**Task brief**
Apart from the pictures, every record here must be copied word for word.

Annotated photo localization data
-- Opening Marker --

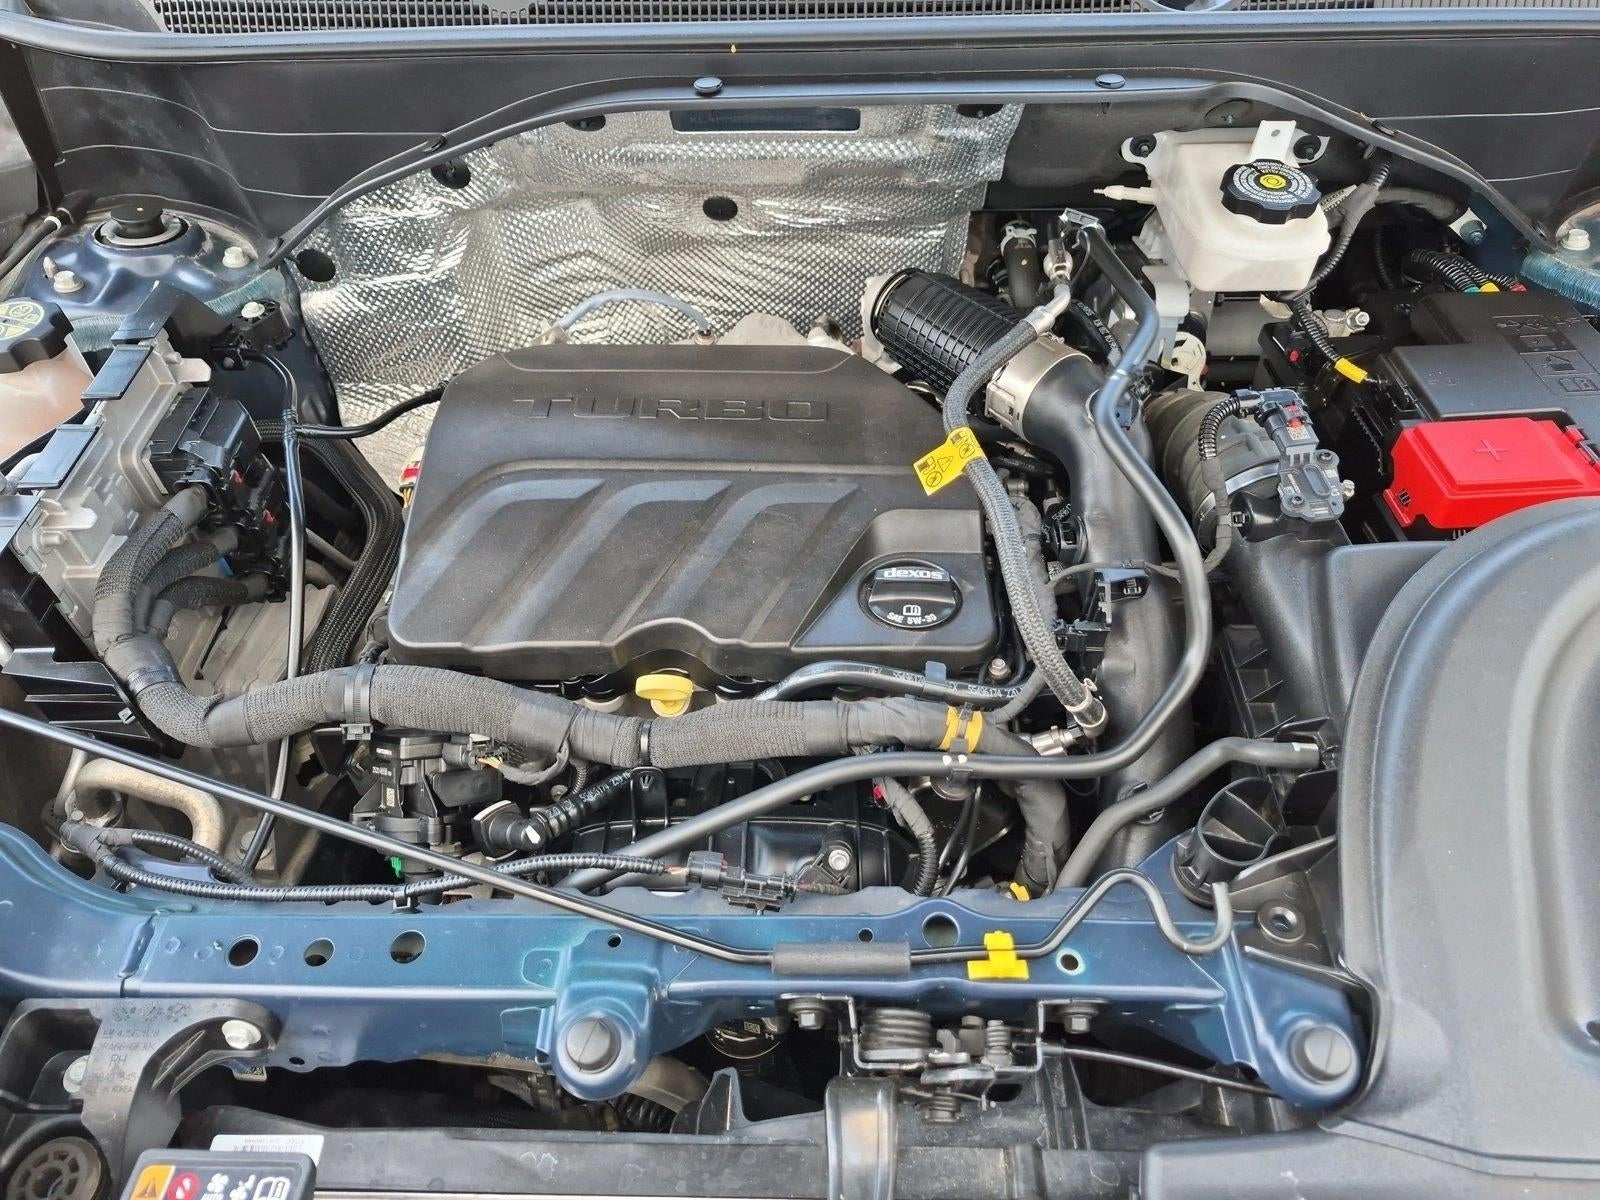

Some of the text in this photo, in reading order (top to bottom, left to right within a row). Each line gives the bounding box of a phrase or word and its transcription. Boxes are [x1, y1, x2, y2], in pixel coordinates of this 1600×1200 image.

[512, 397, 829, 422] TURBO
[884, 568, 944, 579] dexos
[887, 612, 937, 625] SAE 5W-30
[108, 1053, 128, 1066] RH

-- Closing Marker --

**Reply**
Some of the text in this photo, in reading order (top to bottom, left to right within a row). Each line gives the bounding box of a phrase or word and its transcription. Boxes are [x1, y1, x2, y2], in pixel coordinates of this 1600×1200 image.

[512, 397, 829, 422] TURBO
[884, 568, 944, 579] dexos
[887, 612, 937, 625] SAE 5W-30
[108, 1053, 128, 1066] RH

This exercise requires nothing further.